Cecilia Tacoli is much less pessimistic in the article she wrote for BBC News. She explains
that climate migration will be limited as it will be impossible for poor people to migrate to
distant developed countries. She thinks that instead of panicking about an improbable
immigration wave, policymakers – from poor and rich countries – should change their
views on migration and take the measures needed to adapt to climate change.
2. The aim of the journalist who wrote the article in Scientific American is to raise
awareness about the risks of a massive immigration wave due to climate change. He
quotes experts and the Intergovernmental Panel on Climate Change who predict that it will
be the largest migration in history. He certainly wants to give a warning so that
policymakers take measures to curb the effects of climate change.
3. The figures given in the first article are accompanied by expressions indicating
that the problem is serious and / or could be worse: – number of people who could
migrate by 2050: “as many as 250 million”. → The expression “as many as” insists
on the high number.
– number of Latin Americans, Asians and Africans who will not have enough water:
“a minimum of 207 million people (...) inside a decade” → “ a minimum of” indicates
that there will certainly be more; → “inside a decade” means that it could be sooner.
 number of people suffering from hunger: “an extra 130 million”.
→ “an extra” means that you have to add this figure to the preceding one, which means
that 337 million people (207 million + 130 million) will be likely to migrate.

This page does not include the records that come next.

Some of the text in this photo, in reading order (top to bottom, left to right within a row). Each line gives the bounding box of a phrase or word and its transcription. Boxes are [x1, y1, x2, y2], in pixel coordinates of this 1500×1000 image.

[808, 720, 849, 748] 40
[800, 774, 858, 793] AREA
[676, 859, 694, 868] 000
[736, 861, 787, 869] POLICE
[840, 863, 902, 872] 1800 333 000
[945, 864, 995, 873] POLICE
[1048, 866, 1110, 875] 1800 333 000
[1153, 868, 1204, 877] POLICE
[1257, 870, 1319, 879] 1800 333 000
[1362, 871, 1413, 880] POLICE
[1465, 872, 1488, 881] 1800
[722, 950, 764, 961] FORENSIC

The journalist’s
intention is definitely to alarm readers. The figures he gives are meant to impress them
and make them aware of an impending catastrophe.
4. On the contrary, Cecilia Tacoli’s aim is to reassure readers. Unlike the Scientific
American journalist, she does not think millions are likely to migrate. She is
convinced that fears are based on a misconception of migrant flows. She doesn’t
believe that large numbers of poor people will be able to move to rich countries.

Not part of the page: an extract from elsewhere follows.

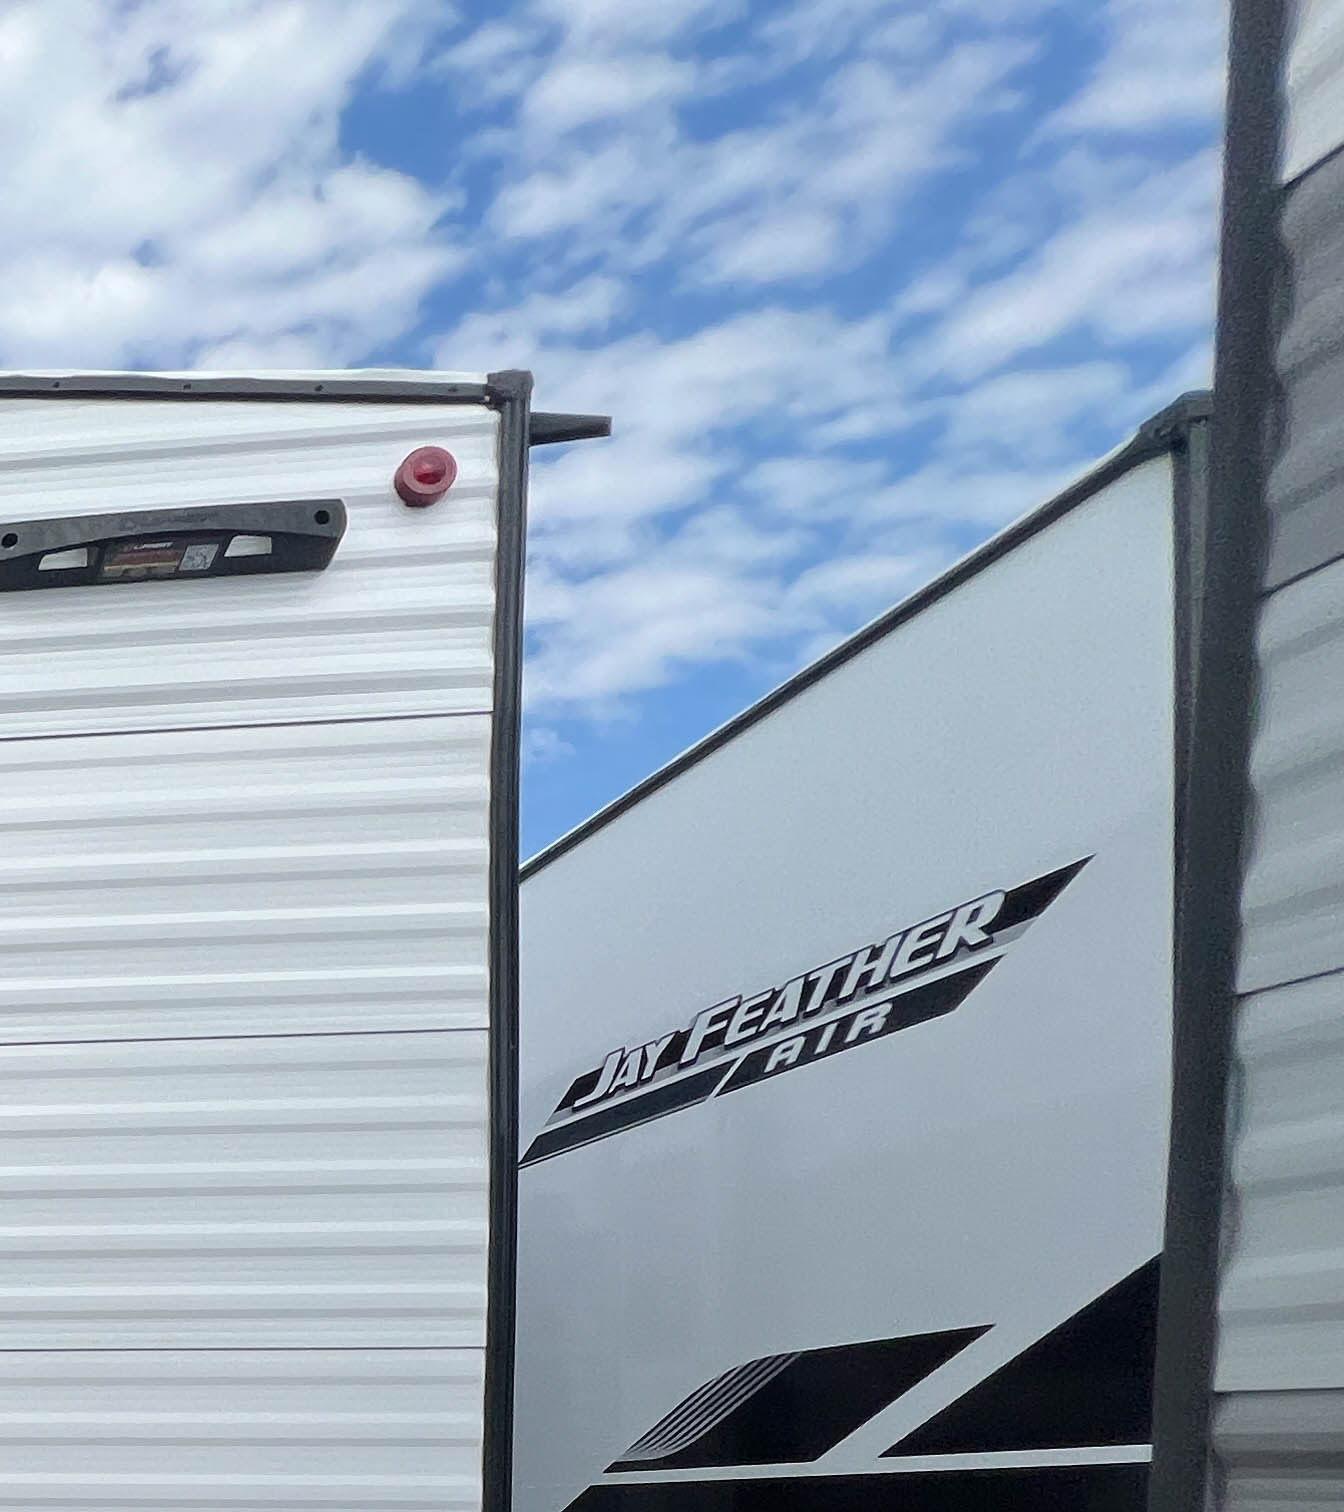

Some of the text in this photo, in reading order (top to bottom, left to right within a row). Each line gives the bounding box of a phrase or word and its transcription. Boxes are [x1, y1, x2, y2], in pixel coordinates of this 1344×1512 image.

[572, 889, 1006, 1110] JAY FEATHER
[765, 1003, 894, 1073] AIR

In her view, climate change offers policymakers the opportunity to change their
views on migration. Poor countries should get ready to receive local migrants by
developing infrastructure and basic services in small towns. As for rich countries,
Cecilia Tacoli thinks that they should stop all the alarmism and help southern
countries protect the most vulnerable populations.